Problem details: Look below for the line containing "Some of the words" and the line containing "this 1125×1334 image.", then set down both and every line between them exactly, without pictures.

Records shown:
--- START ---

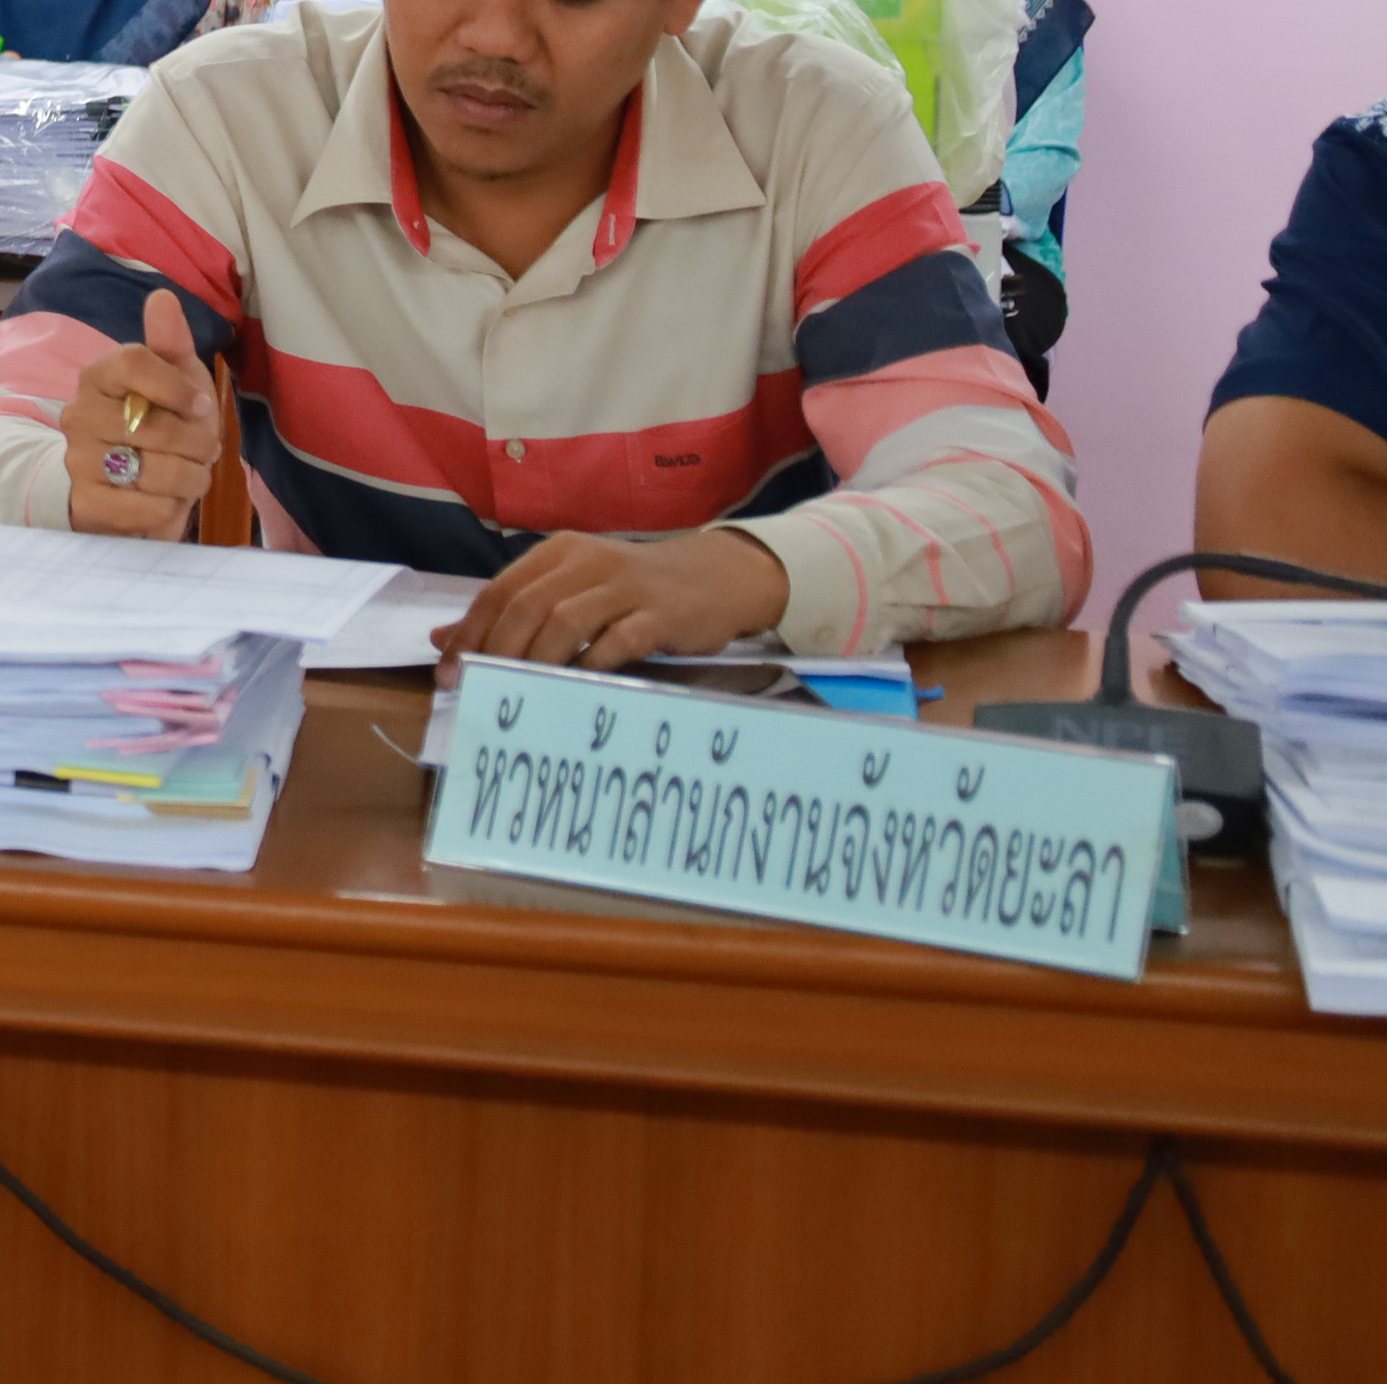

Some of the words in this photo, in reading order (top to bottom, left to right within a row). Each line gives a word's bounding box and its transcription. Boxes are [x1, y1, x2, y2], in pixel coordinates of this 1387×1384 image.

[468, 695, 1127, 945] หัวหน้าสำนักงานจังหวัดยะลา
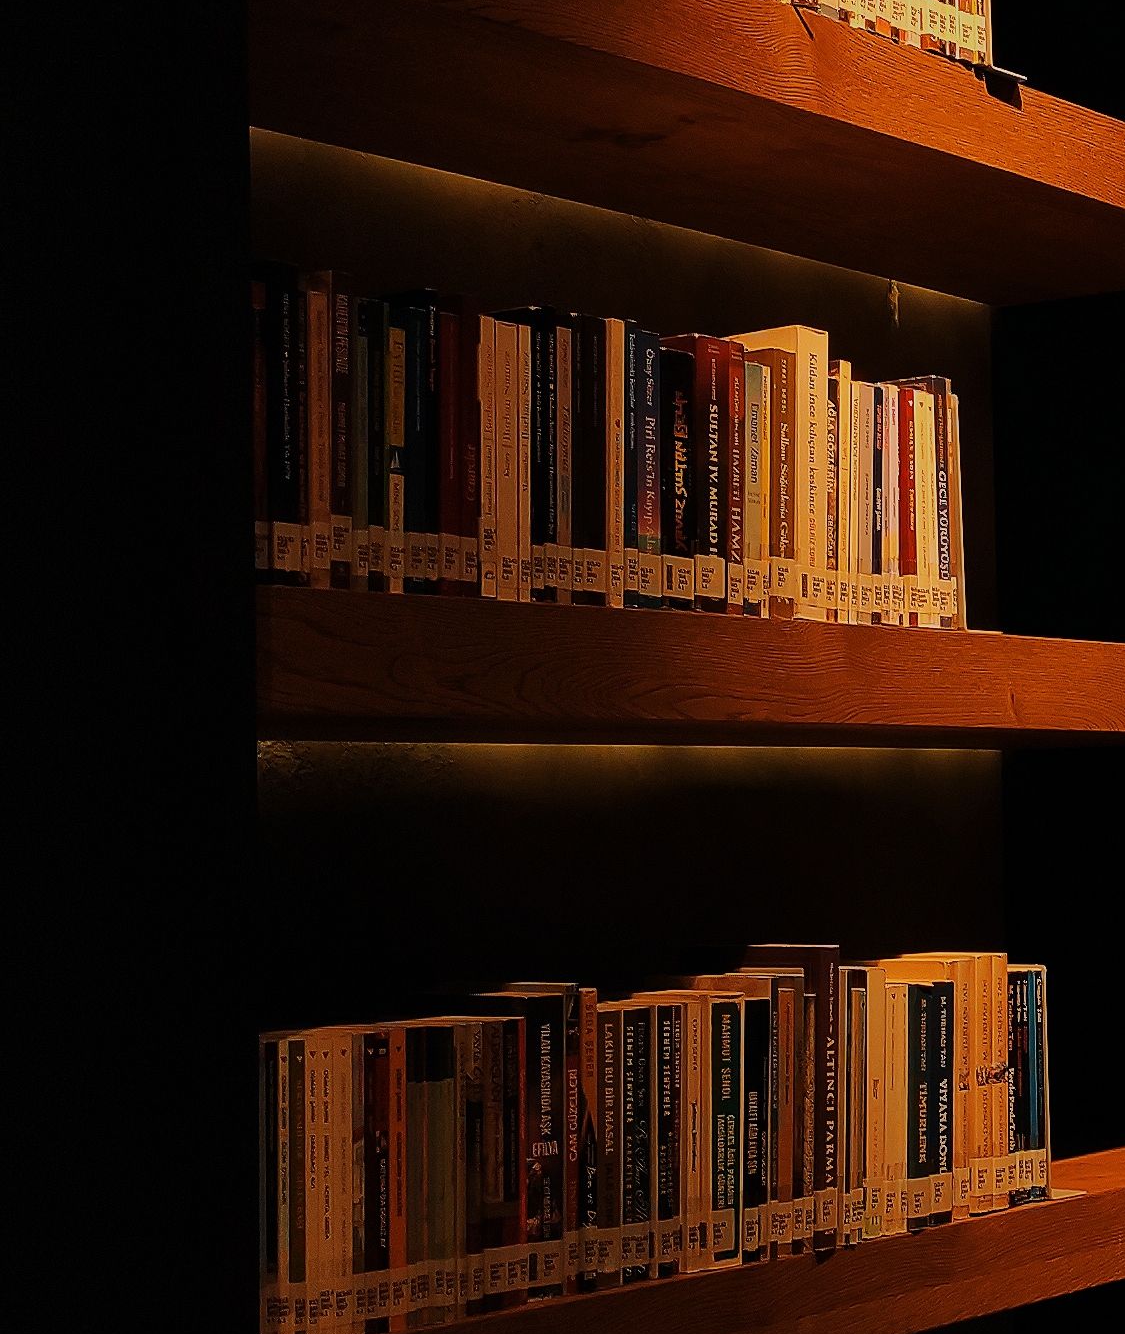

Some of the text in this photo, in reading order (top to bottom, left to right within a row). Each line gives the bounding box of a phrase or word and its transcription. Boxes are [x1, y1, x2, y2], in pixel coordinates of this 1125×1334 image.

--- END ---
--- START ---

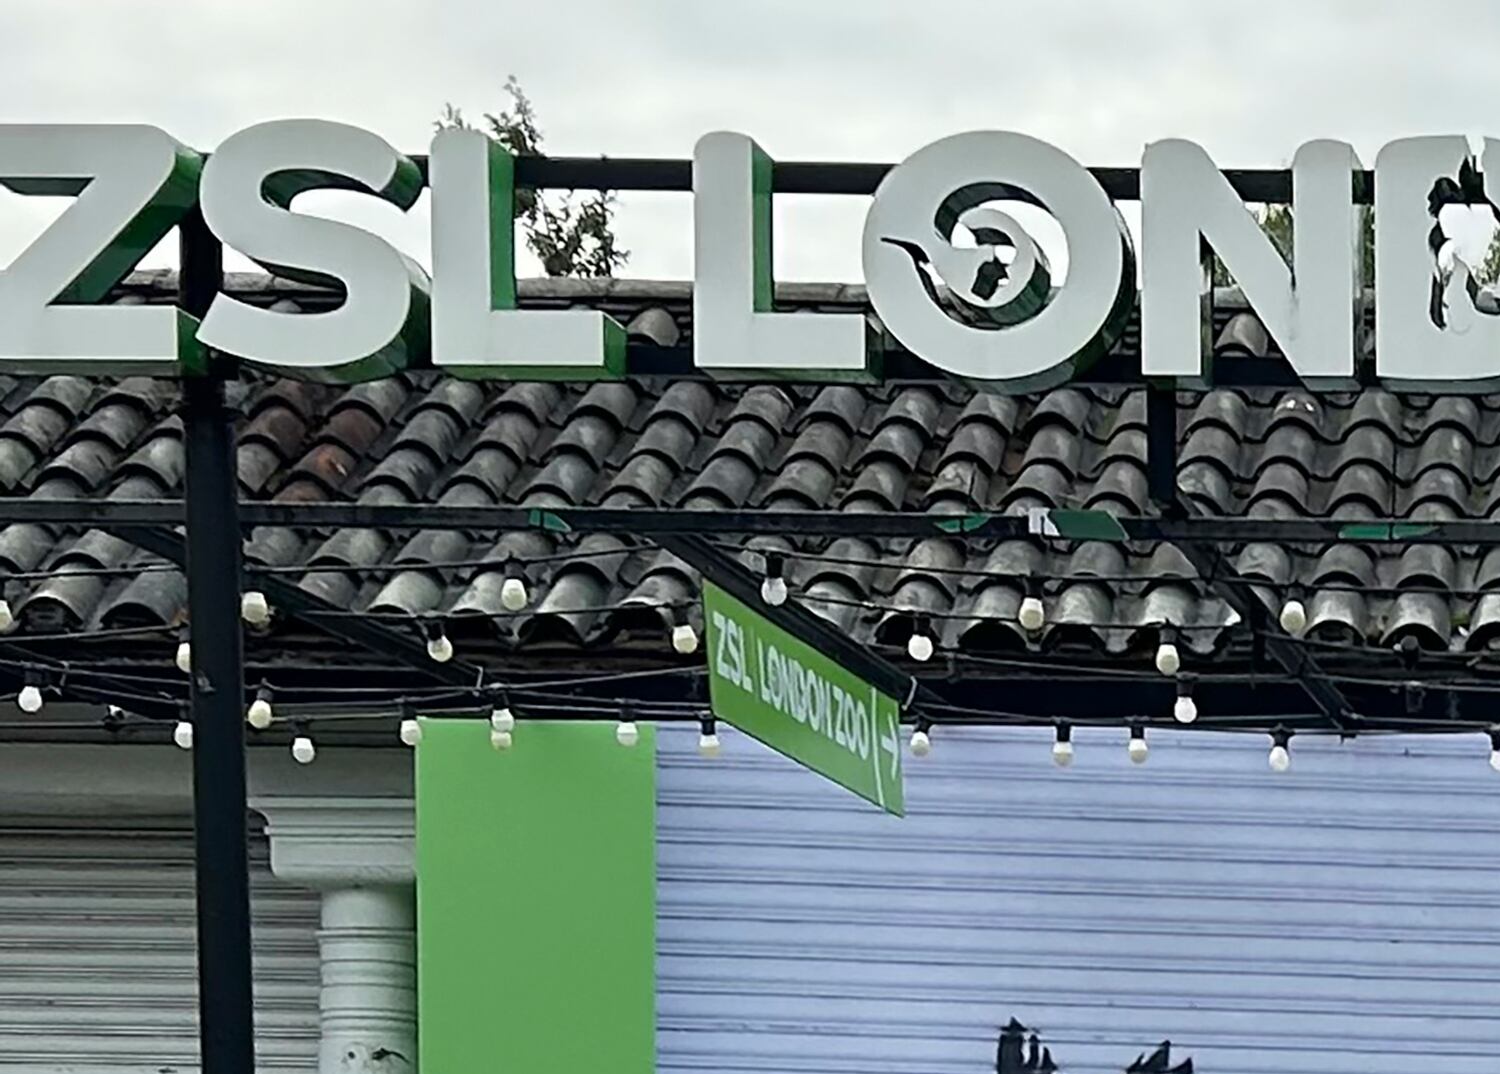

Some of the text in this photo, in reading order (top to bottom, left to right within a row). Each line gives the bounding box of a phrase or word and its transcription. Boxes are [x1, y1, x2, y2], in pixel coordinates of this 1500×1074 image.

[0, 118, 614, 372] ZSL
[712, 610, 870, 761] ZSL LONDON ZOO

--- END ---

Answer box:
Some of the words in this photo, in reading order (top to bottom, left to right within a row). Each line gives a word's bounding box and its transcription. Boxes are [x1, y1, x2, y2], in pixel coordinates of this 1387×1384 image.

[468, 695, 1127, 945] หัวหน้าสำนักงานจังหวัดยะลา

Some of the text in this photo, in reading order (top to bottom, left to right within a row). Each line gives the bounding box of a phrase or word and its transcription. Boxes are [x1, y1, x2, y2], in pixel coordinates of this 1125×1334 image.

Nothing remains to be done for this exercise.